Biden y Putin: la desconfianza
Mientras Rusia pugna por no quedar marginada de los grandes asuntos mundiales, EEUU tiene claro que el gran adversario a batir es China
El desenlace de la reunión en Ginebra de Joe Biden y Vladimir Putin no ha dejado más resultado concreto que la vuelta de los embajadores de Estados Unidos y Rusia a Moscú y Washington. El resto ha quedado en manos de los progresos, seguramente escasos, que en los próximos meses puedan concretarse en las conversaciones entre funcionarios de ambos países sin más atribuciones, llegado el caso, que hacer propuestas a la superioridad. Ni Biden amagó con una invitación a Putin a visitar la Casa Blanca ni el líder del Kremlin insinuó siquiera la posibilidad de que Biden recale en Moscú a la vuelta de unos meses.Carecía de fundamento esperar más de la cumbre. Estados Unidos hace tiempo que dejó de ver en Rusia un igual a escala planetaria, pero sigue siendo la potencia heredera del arsenal nuclear soviético y mantiene intacta o poco menos su capacidad de respuesta, conserva su capacidad de presionar a las puertas de la OTAN y de la Unión Europea y sigue siendo un actor fundamental en el mercado energético y en los de algunas materias primas esenciales. Todo lo cual se traduce en una renovada capacidad para inmiscuirse en los asuntos europeos y en el desarrollo de los acontecimientos políticos y económicos en Estados Unidos mediante las armas silentes del ciberespacio, que lo mismo condicionan elecciones que perturban los negocios y la seguridad de las multinacionales.Para Estados Unidos el gran adversario con el que debe competir es con China y su pretensión es desplazar la disputa por la hegemonía mundial del escenario euroasiático a la cuenca del Pacífico, lo que para Rusia significa quedar al margen o poco escuchada en la gestión de los grandes asuntos mundiales. De ahí que de Ginebra no pudiesen salir grandes logros y sí, en cambio, una atenuación apenas limitada de las tensiones y un alargamiento de la desconfianza mutua.
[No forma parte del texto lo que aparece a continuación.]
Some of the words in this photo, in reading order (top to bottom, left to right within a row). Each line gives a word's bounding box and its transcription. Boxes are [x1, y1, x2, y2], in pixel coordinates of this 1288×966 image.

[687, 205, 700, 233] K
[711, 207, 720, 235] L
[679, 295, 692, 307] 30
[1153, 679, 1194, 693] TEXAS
En la memoria política de Putin prevalece el recuerdo de la superioridad operativa exhibida por Estados Unidos en las cumbres que en los años 80 reunieron a Ronald Reagan y Mijail Gorbachov, gestor del ocaso soviético, y la ruina que siguió al desmembramiento de la URSS y al primer decenio de vida de la Federación Rusa. En la aproximación de Biden a las relaciones con el Kremlin tiene un enorme peso la extraña relación que su antecesor mantuvo con Putin, ajena a 75 años de tradición diplomática inspirada en la idea de contención del adversario en todas partes. Biden, por cierto, lanzó una pregunta retórica sobre qué sucedería si EEUU interfiriese en las elecciones de otros países que mostró a las claras su deseo de pasar página respecto a la ‘etapa Trump’, viciada por las sospechas de interferencias rusas en los procesos electorales, y una memoria bastante selectiva sobre la historia de su propio país. Puede decirse que en la conversación entre Biden y Putin ha pesado mucho la percepción del primero de que Estados Unidos está de vuelta, pero para pugnar todos los días con China más que con ningún otro rival, y la del segundo de que cualquier señal de debilidad dejará a Rusia al margen de la competencia entre los dos grandes. Una posibilidad que puede verse agravada más allá de toda previsión a poco que se registre una inflexión a la baja de los precios del gas y del petróleo, el doble monocultivo ruso, y sufra grave daño una economía poco diversificada, ausente de las tecnofinanzas, donde China y Estados Unidos dominan los mercados.